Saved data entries
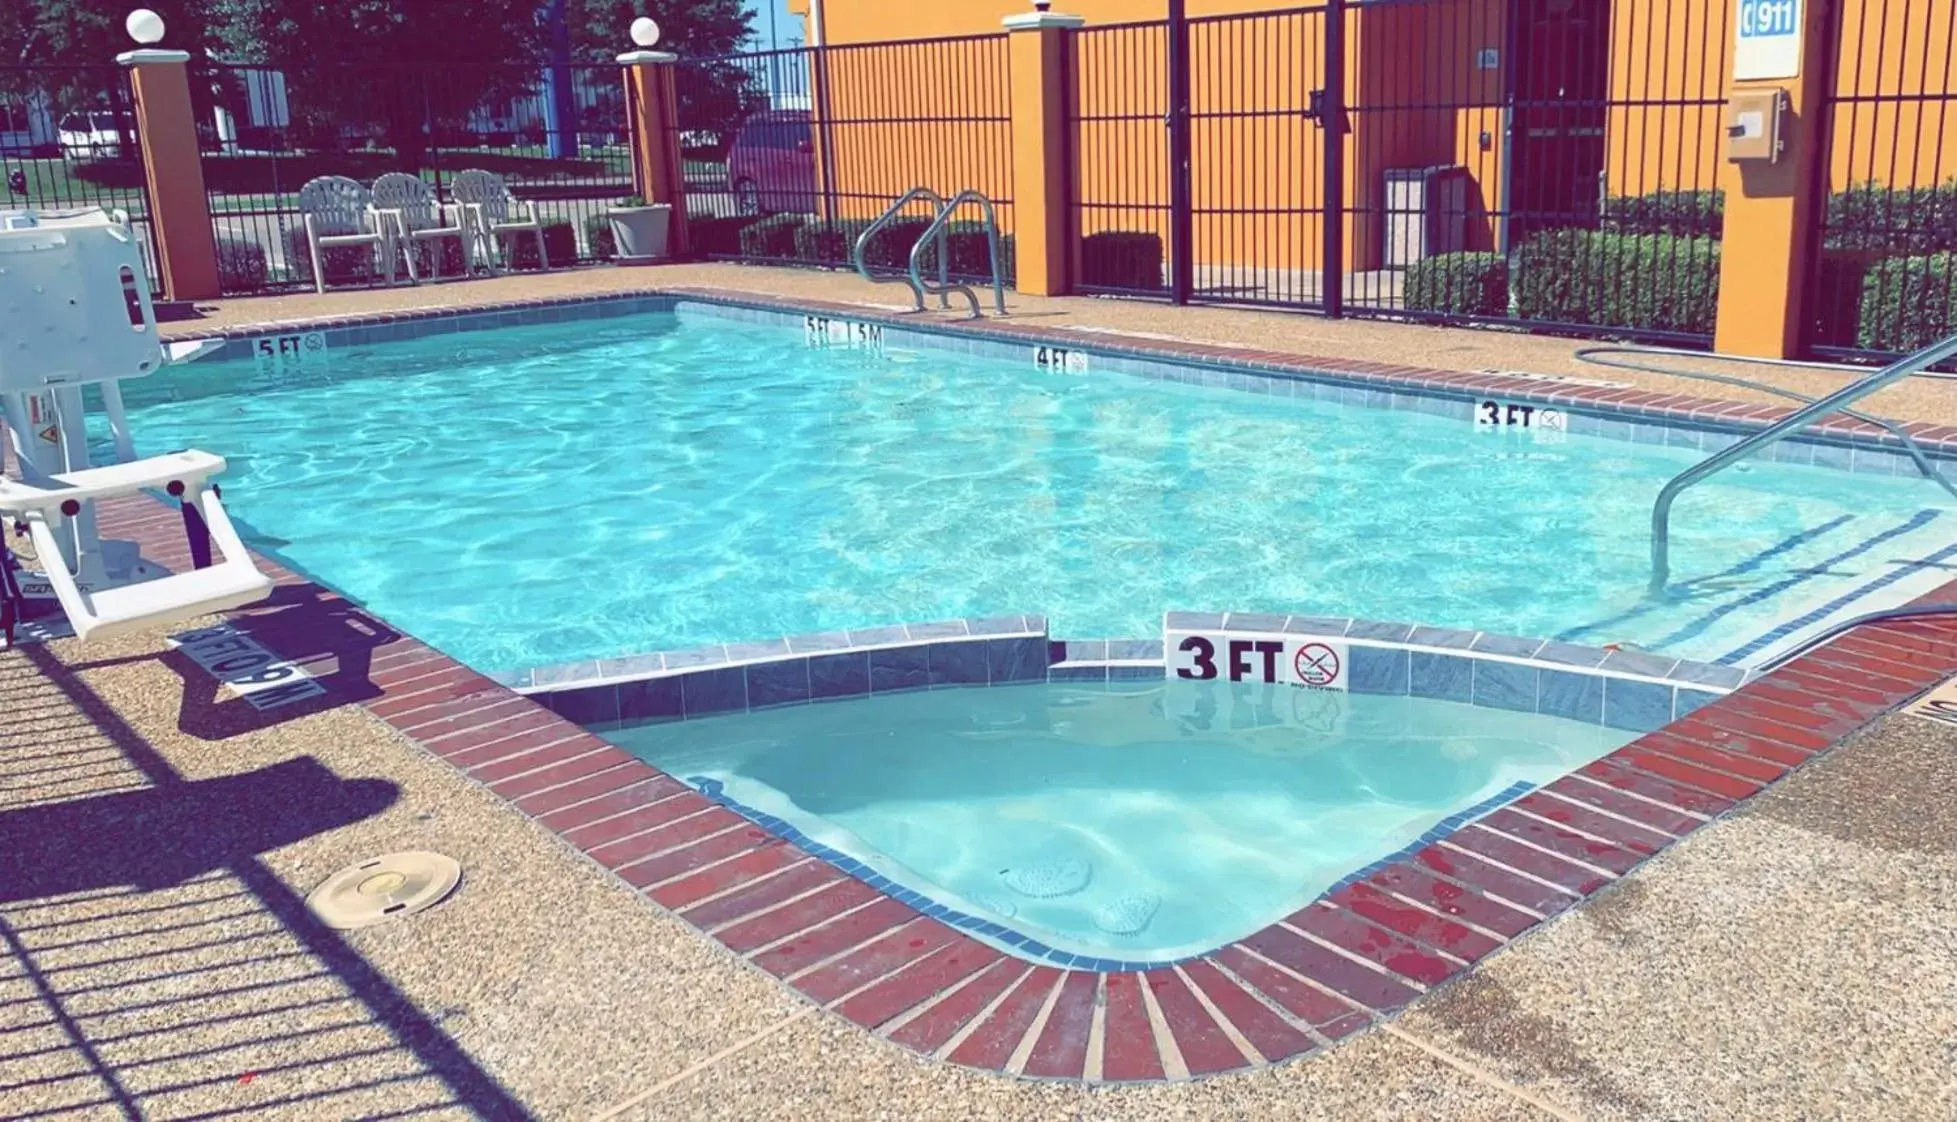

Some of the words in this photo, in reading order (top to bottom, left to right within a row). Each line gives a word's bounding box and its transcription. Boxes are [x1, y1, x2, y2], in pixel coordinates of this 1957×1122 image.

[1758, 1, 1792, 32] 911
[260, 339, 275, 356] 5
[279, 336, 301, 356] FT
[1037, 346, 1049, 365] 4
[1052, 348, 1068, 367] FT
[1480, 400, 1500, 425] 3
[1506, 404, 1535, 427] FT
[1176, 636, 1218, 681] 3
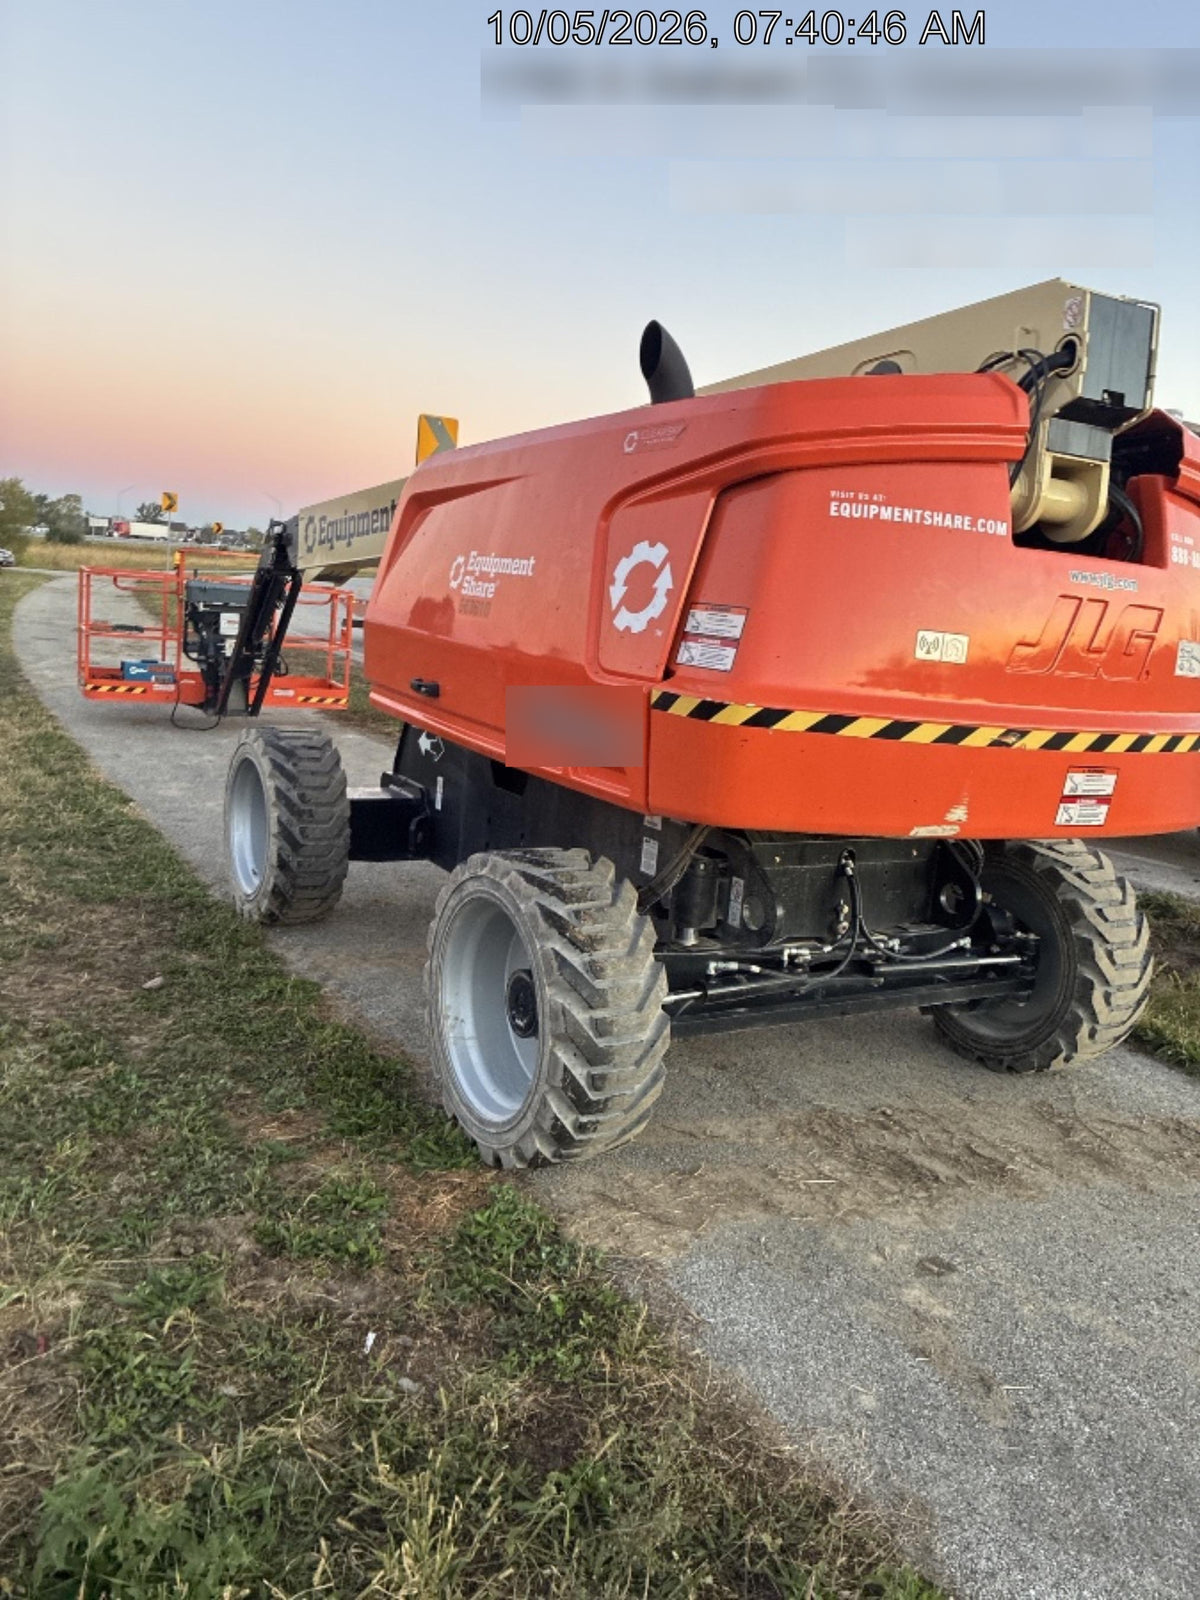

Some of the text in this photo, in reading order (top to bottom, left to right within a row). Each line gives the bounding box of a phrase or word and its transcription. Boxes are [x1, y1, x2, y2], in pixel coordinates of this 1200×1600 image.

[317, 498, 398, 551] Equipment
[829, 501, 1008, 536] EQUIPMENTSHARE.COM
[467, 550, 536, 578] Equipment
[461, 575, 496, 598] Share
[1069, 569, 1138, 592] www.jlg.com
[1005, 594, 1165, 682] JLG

_Exercise description_
With the images excluded, output every record verbatim.

_Answer to the problem_
Some of the words in this photo, in reading order (top to bottom, left to right within a row). Each line gives a word's bounding box and its transcription. Boxes are [x1, y1, x2, y2], in pixel coordinates of this 1957×1122 image.

[1758, 1, 1792, 32] 911
[260, 339, 275, 356] 5
[279, 336, 301, 356] FT
[1037, 346, 1049, 365] 4
[1052, 348, 1068, 367] FT
[1480, 400, 1500, 425] 3
[1506, 404, 1535, 427] FT
[1176, 636, 1218, 681] 3

Some of the text in this photo, in reading order (top to bottom, left to right within a row). Each line gives the bounding box of a phrase or word and its transcription. Boxes are [x1, y1, x2, y2], in pixel coordinates of this 1200×1600 image.

[317, 498, 398, 551] Equipment
[829, 501, 1008, 536] EQUIPMENTSHARE.COM
[467, 550, 536, 578] Equipment
[461, 575, 496, 598] Share
[1069, 569, 1138, 592] www.jlg.com
[1005, 594, 1165, 682] JLG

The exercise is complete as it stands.